Only the lines below between the one holding "this 1334×1125 image." and the one holding "this 1200×1600 image.", inclusive, are to be reproduced word for word; the pictures are to be left out.

- [Excerpted data]:
:::::
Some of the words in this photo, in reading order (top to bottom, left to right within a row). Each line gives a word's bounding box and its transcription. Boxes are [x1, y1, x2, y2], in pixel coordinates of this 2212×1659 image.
:::::
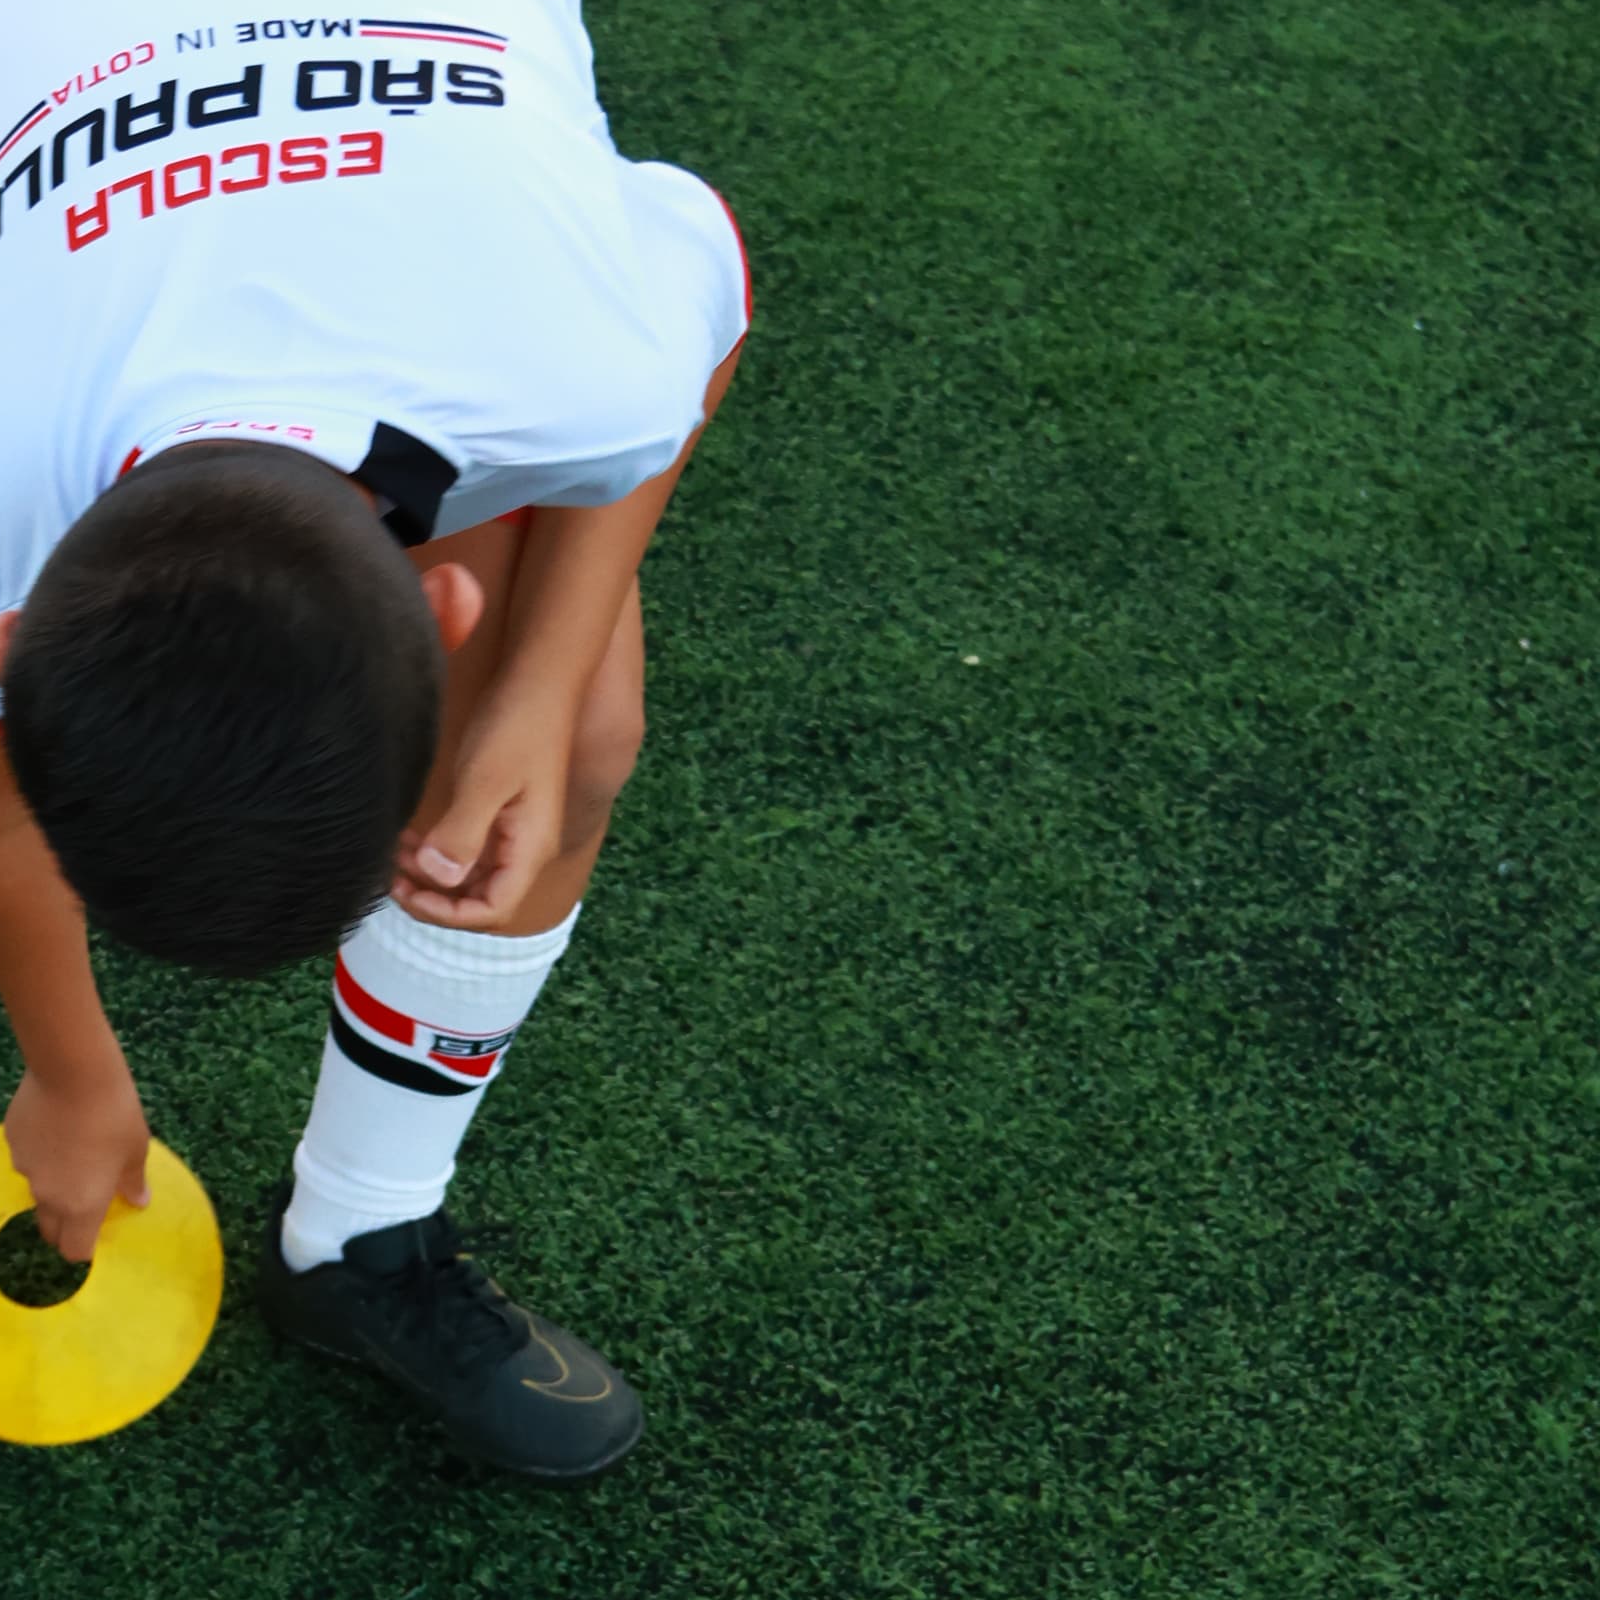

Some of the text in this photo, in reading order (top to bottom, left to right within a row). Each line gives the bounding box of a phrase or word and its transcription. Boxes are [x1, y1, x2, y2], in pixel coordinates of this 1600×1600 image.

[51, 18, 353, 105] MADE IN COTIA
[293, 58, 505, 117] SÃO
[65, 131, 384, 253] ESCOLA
:::::
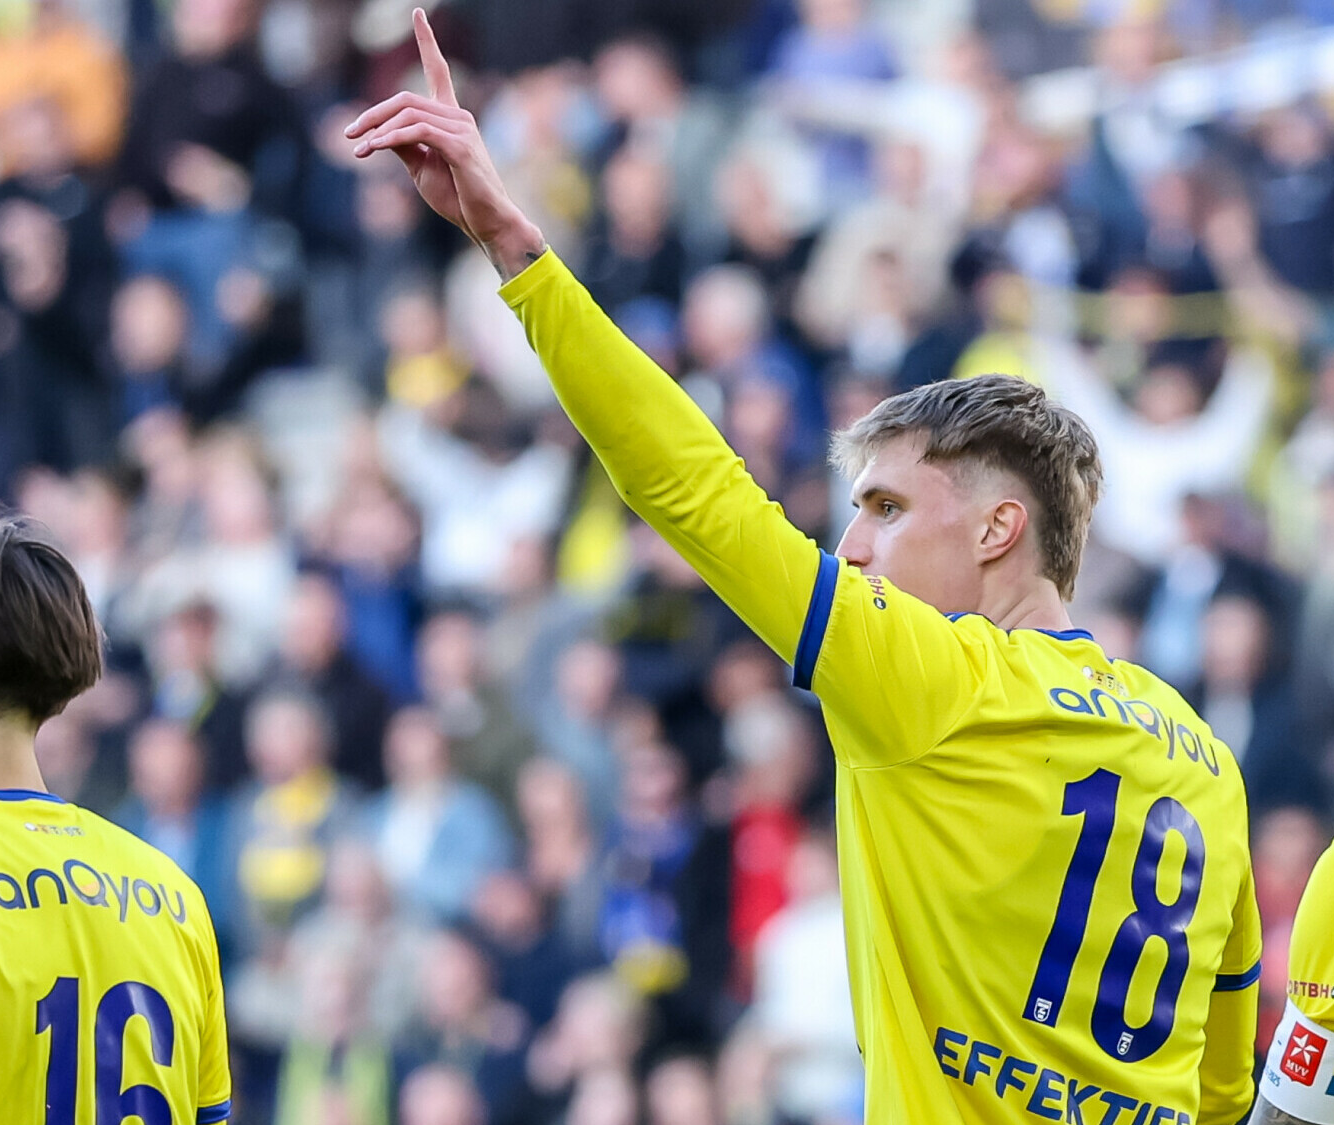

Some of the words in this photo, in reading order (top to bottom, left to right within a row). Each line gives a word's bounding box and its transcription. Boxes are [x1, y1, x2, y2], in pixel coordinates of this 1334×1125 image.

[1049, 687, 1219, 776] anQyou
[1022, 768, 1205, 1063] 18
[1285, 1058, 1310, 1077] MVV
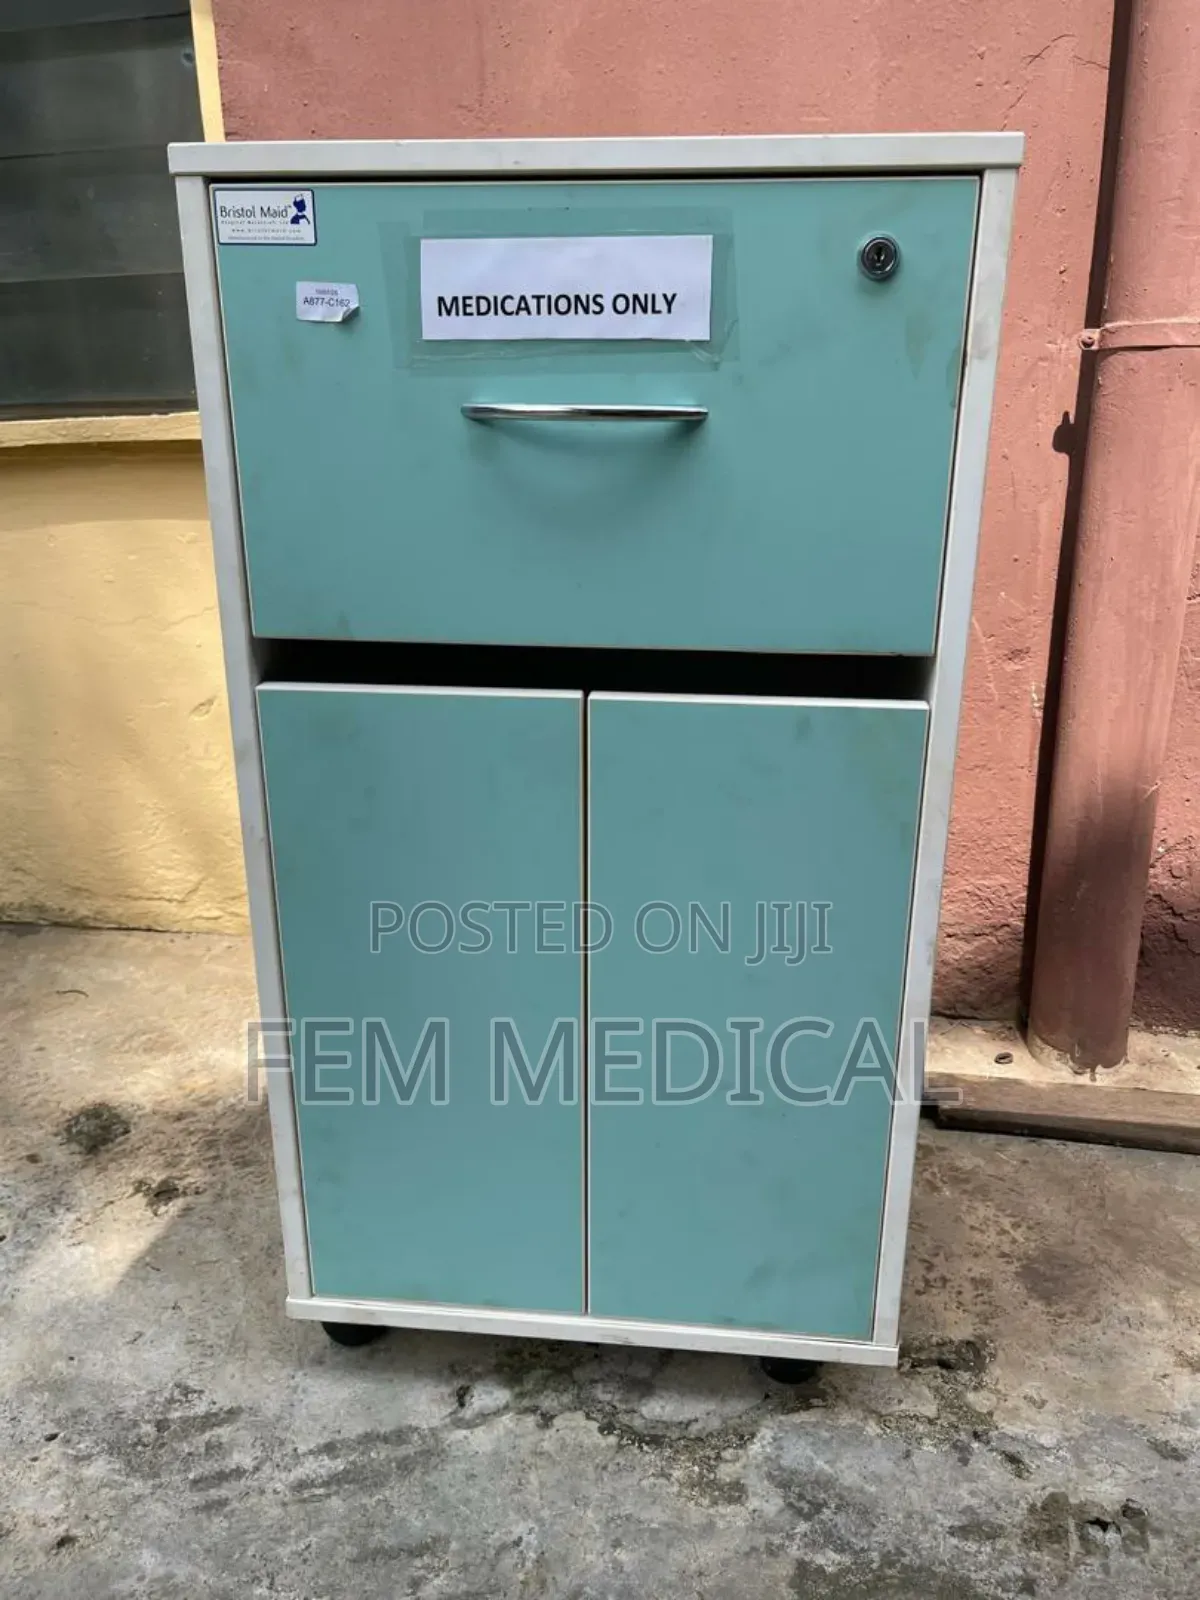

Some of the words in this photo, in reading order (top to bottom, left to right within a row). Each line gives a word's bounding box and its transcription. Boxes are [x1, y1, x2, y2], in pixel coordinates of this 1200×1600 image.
:::::
- [Result below]:
Some of the words in this photo, in reading order (top to bottom, left to right within a row). Each line gives a word's bounding box and its transcription. Boxes are [x1, y1, x2, y2], in pixel coordinates of this 1334×1125 image.

[1049, 687, 1219, 776] anQyou
[1022, 768, 1205, 1063] 18
[1285, 1058, 1310, 1077] MVV

Some of the words in this photo, in reading order (top to bottom, left to right within a row). Each line gives a word's bounding box and its transcription. Boxes are [x1, y1, x2, y2], in pixel coordinates of this 1200×1600 image.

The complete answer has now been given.